# What is required
Every record must be repeated exactly; omit any pictures they contain.
Records for the task section start
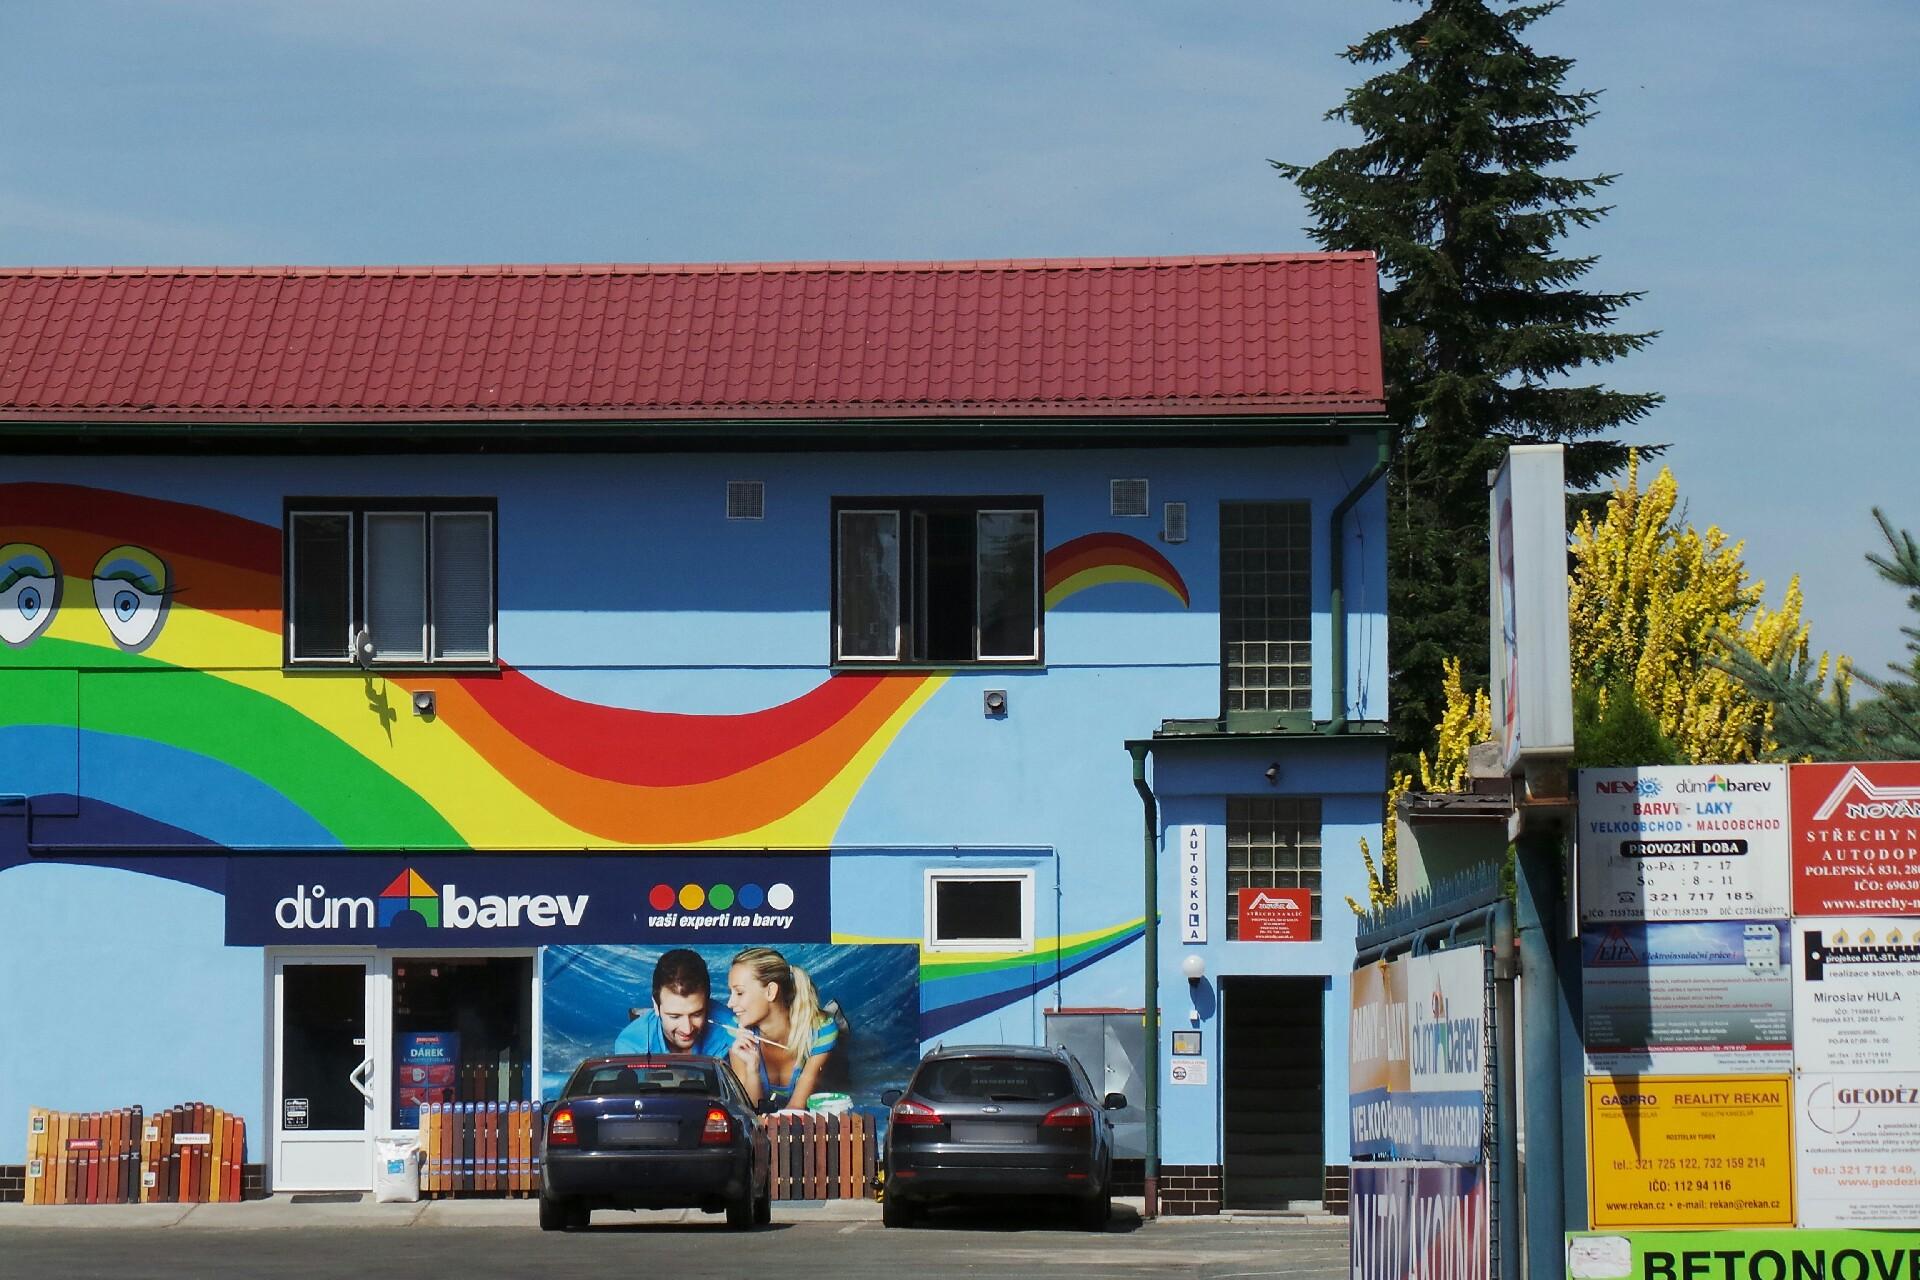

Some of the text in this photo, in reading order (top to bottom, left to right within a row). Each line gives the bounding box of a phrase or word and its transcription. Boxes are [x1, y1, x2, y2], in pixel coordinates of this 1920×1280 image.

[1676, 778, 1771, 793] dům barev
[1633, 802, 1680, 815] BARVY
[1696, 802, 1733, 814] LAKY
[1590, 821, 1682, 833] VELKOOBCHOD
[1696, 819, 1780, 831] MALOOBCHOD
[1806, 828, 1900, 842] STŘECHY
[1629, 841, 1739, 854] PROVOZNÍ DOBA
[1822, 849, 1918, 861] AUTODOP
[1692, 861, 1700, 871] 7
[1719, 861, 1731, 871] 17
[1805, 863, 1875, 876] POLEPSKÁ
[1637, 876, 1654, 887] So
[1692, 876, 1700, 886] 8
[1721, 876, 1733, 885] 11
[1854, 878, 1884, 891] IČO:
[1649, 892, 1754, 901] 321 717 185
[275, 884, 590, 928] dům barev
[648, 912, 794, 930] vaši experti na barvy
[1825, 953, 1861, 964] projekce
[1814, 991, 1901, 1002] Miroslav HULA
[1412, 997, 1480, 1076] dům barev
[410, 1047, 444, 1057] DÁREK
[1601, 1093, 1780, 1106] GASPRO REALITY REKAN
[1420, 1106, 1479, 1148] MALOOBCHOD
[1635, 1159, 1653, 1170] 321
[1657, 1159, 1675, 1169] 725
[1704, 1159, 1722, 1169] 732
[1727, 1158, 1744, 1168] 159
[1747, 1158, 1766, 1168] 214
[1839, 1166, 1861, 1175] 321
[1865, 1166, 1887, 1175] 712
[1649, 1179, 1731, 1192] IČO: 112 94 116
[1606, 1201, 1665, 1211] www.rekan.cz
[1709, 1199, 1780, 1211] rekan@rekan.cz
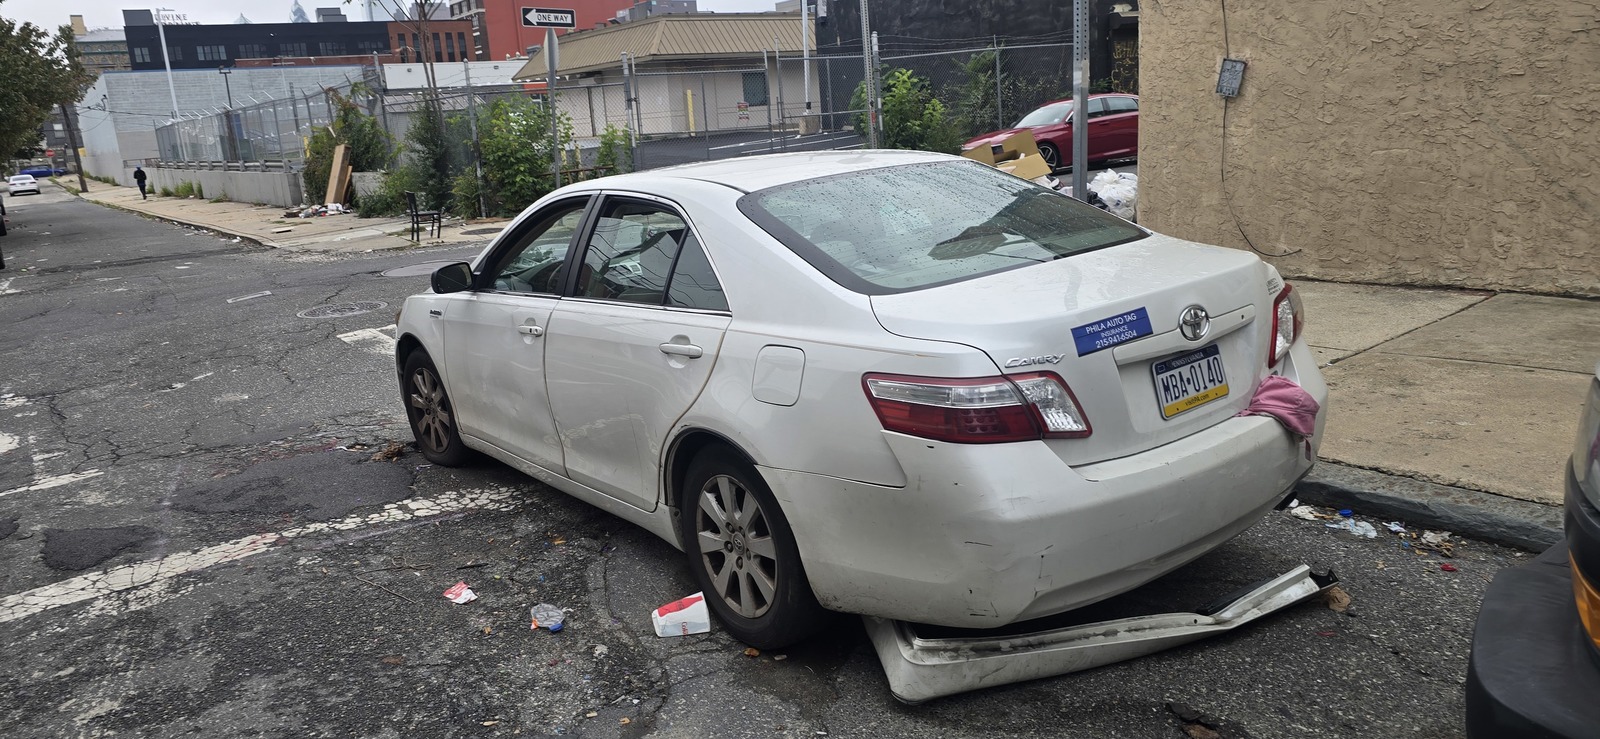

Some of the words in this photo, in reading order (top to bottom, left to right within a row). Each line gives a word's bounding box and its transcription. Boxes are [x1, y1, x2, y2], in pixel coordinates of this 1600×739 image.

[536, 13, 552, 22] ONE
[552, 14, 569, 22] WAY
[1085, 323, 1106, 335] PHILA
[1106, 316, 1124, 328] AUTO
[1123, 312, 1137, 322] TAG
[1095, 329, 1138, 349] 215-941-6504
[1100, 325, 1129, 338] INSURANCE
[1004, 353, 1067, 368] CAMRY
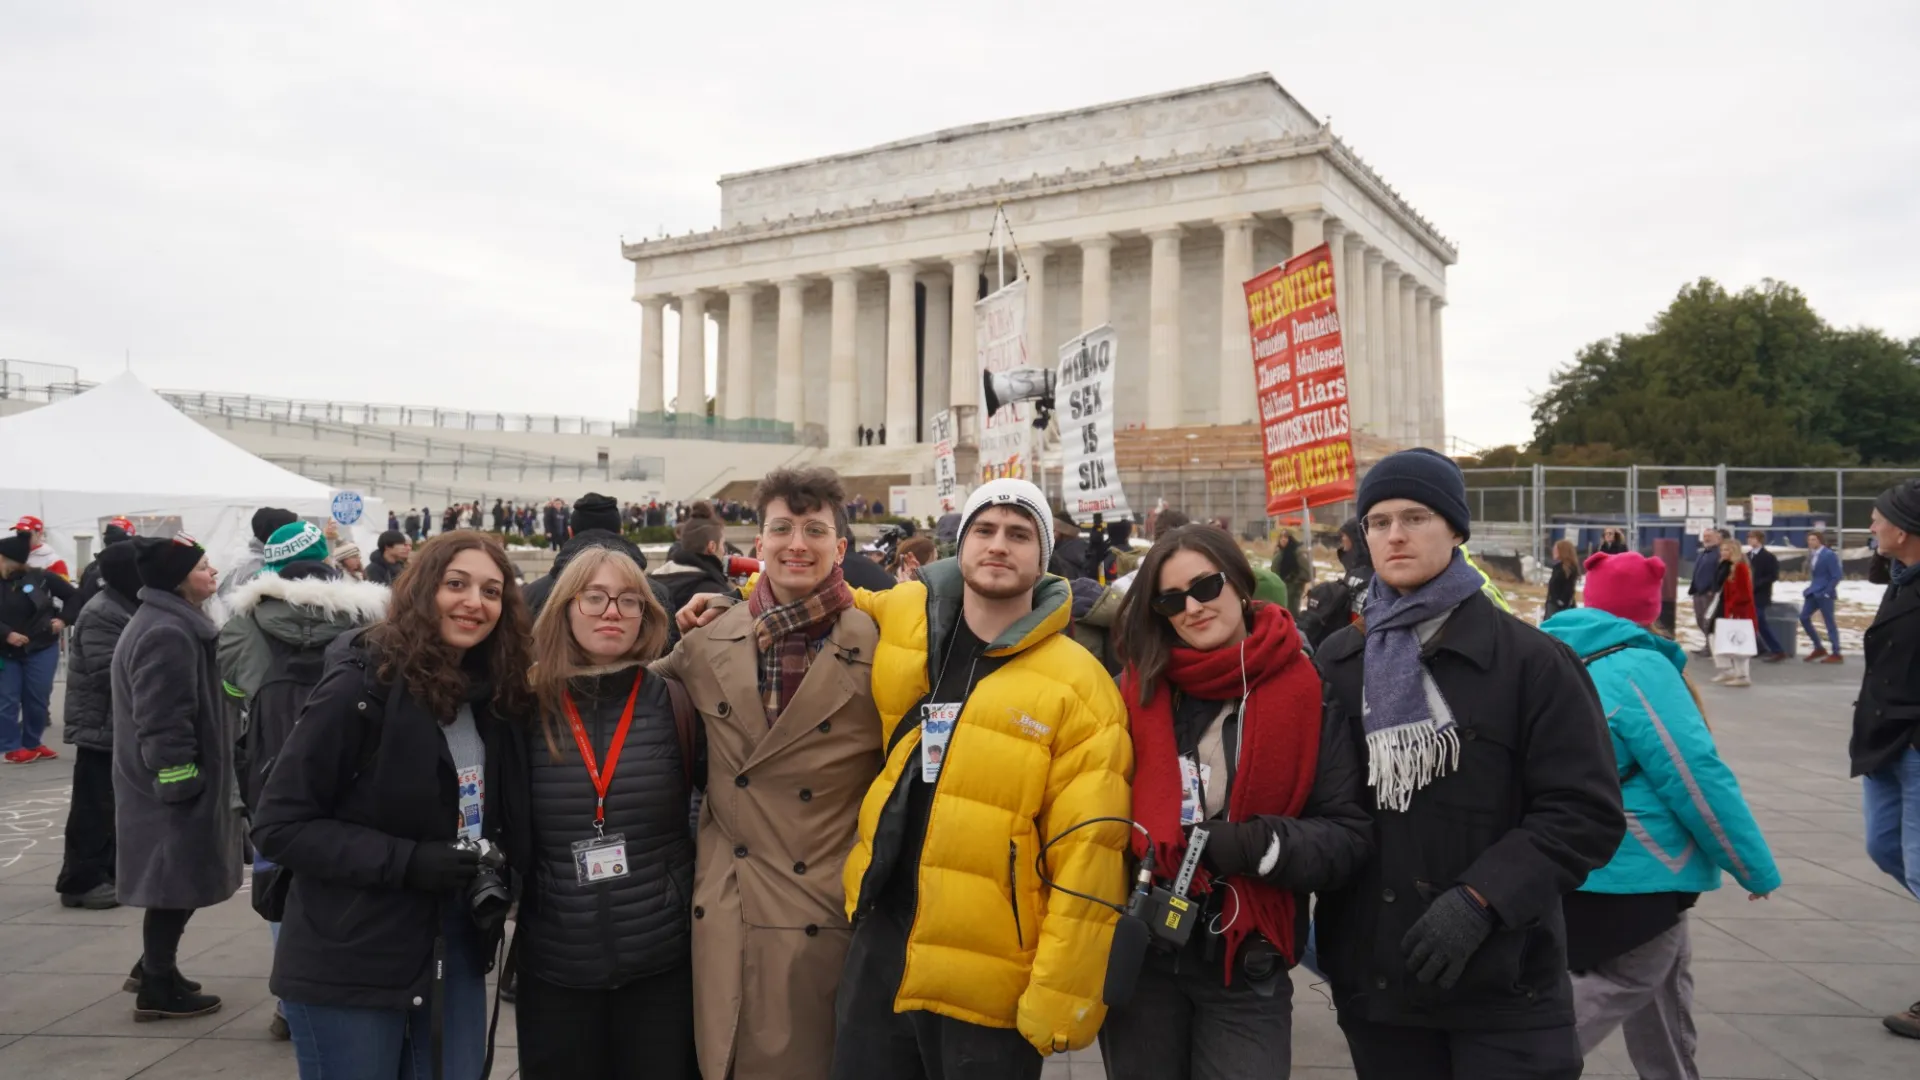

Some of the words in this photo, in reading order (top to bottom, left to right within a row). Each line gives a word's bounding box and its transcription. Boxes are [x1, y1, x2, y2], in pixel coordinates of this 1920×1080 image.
Records for the task section end
# Result of the task
Some of the text in this photo, in reading order (top to bottom, left to right within a row). Each line gives the bounding box of a phrase or word and its transcription. Boxes are [x1, y1, x2, y2], in pixel coordinates of this 1920×1280 image.

[1676, 778, 1771, 793] dům barev
[1633, 802, 1680, 815] BARVY
[1696, 802, 1733, 814] LAKY
[1590, 821, 1682, 833] VELKOOBCHOD
[1696, 819, 1780, 831] MALOOBCHOD
[1806, 828, 1900, 842] STŘECHY
[1629, 841, 1739, 854] PROVOZNÍ DOBA
[1822, 849, 1918, 861] AUTODOP
[1692, 861, 1700, 871] 7
[1719, 861, 1731, 871] 17
[1805, 863, 1875, 876] POLEPSKÁ
[1637, 876, 1654, 887] So
[1692, 876, 1700, 886] 8
[1721, 876, 1733, 885] 11
[1854, 878, 1884, 891] IČO:
[1649, 892, 1754, 901] 321 717 185
[275, 884, 590, 928] dům barev
[648, 912, 794, 930] vaši experti na barvy
[1825, 953, 1861, 964] projekce
[1814, 991, 1901, 1002] Miroslav HULA
[1412, 997, 1480, 1076] dům barev
[410, 1047, 444, 1057] DÁREK
[1601, 1093, 1780, 1106] GASPRO REALITY REKAN
[1420, 1106, 1479, 1148] MALOOBCHOD
[1635, 1159, 1653, 1170] 321
[1657, 1159, 1675, 1169] 725
[1704, 1159, 1722, 1169] 732
[1727, 1158, 1744, 1168] 159
[1747, 1158, 1766, 1168] 214
[1839, 1166, 1861, 1175] 321
[1865, 1166, 1887, 1175] 712
[1649, 1179, 1731, 1192] IČO: 112 94 116
[1606, 1201, 1665, 1211] www.rekan.cz
[1709, 1199, 1780, 1211] rekan@rekan.cz

Some of the words in this photo, in reading order (top to bottom, left to right within a row). Each line gives a word's bounding box and its transcription. Boxes are [x1, y1, x2, y2], in pixel coordinates of this 1600×739 image.

[536, 13, 552, 22] ONE
[552, 14, 569, 22] WAY
[1085, 323, 1106, 335] PHILA
[1106, 316, 1124, 328] AUTO
[1123, 312, 1137, 322] TAG
[1095, 329, 1138, 349] 215-941-6504
[1100, 325, 1129, 338] INSURANCE
[1004, 353, 1067, 368] CAMRY

Some of the words in this photo, in reading order (top to bottom, left to right within a row). Each line gives a word's bounding box and its transcription. Boxes are [x1, y1, x2, y2], in pixel coordinates of this 1920×1080 image.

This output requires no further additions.